According to SecondStreet.org, Ontario Health data revealed a 24% increase in surgical waiting list deaths over the past four years. Information obtained from them also shows an increase of over 400% in waiting list deaths for CT and MRI scans since 2015/16.

"People should not have to wait for months for a diagnosis, and if necessary, surgeries," Health Minister Sylvia Jones told reporters on February 21.

SecondStreet.org submitted a freedom of information access request revealing Ontario Health cancelled 1,417 procedures in 2021/22 due to patient death. Of those who died, 42% waited for cataract surgery, while 12% waited for hip and knee replacement surgeries.

Approximately 900 private clinics operate across the province, though most only perform diagnostic imaging and testing. 

"Mortality is impacted by many complex and interrelated clinical, socioeconomic, and cultural factors," wrote Ontario Health. "The surgical statistics do not indicate the procedures were intended to be life-saving, nor that patients passed away due to an extended waitlist for a surgical procedure."
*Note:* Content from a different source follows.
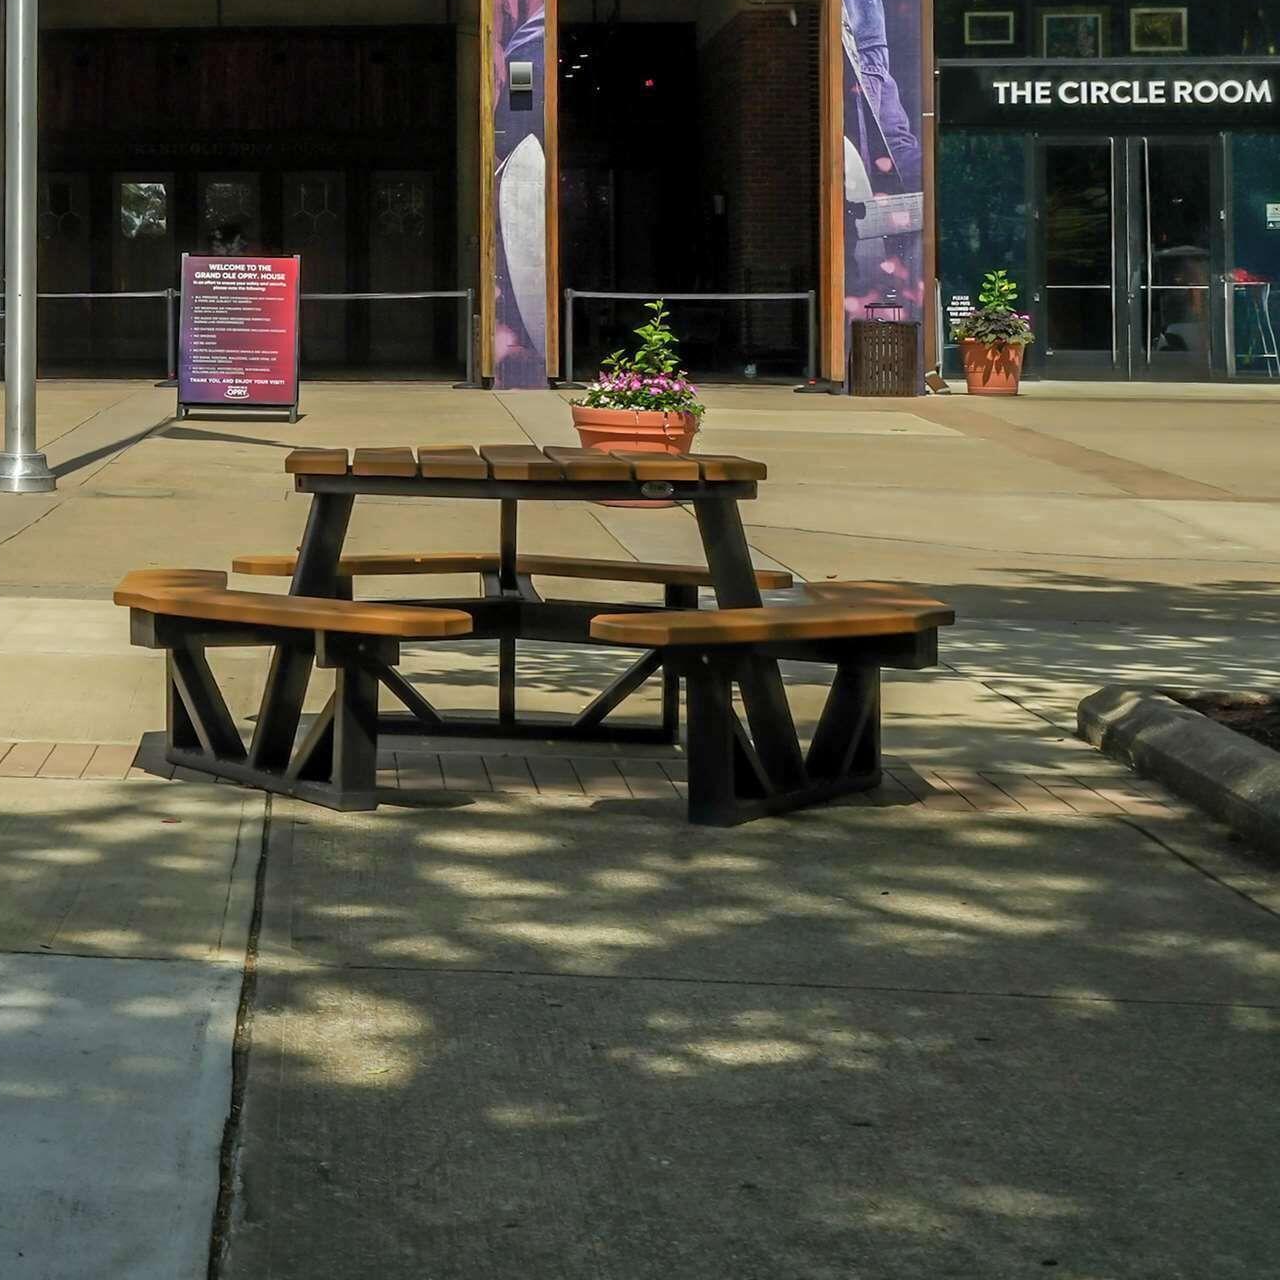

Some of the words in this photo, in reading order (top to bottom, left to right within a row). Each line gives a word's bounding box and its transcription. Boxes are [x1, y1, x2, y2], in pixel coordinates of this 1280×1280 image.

[993, 81, 1052, 104] THE
[1058, 80, 1166, 104] CIRCLE
[1173, 79, 1272, 104] ROOM
"Except for the province of Nova Scotia, provincial governments and their respective health bodies do not break down the number of patient deaths potentially linked to the state taking too long to provide needed services," said SecondStreet.org president Colin Craig.

"Oddly, governments across Canada routinely require businesses to detail even the most minor workplace injuries, such as accidents where employees are bruised as a result," he added. "If businesses must track this, why can't the government tell us how many patients are dying due to long waiting lists?"

Regardless, the NDP repeatedly claimed Bill 60 promotes a two-tiered system that allows patients to "jump to the front of the line." The Ontario Health Coalition added the bill fails to counter "manipulative upselling" at private clinics.

"Before they brought in the legislation, Doug Ford said that they had guardrails, and they will be protecting against all sorts of things," said Natalie Mehra, executive director of the Ontario Health Coalition.

The coalition said patients have had to pay out of pocket for procedures they said should be covered entirely through their OHIP. They noted some incurred the costs of eye measurements and invoiced for contrast dye needed for imaging.

Mehra warned of possible legal action against the province over Bill 60, as they intend to file a formal complaint over the legislation. "If you think you're going to set up shop here and charge OHIP and patients on top, you have another thing coming," she said.

The Ontario Nurses' Association urged the province to invest in hospitals. In contrast, the Ontario Medical Association proposed offloading the surgical backlog to private clinics acting like non-profits.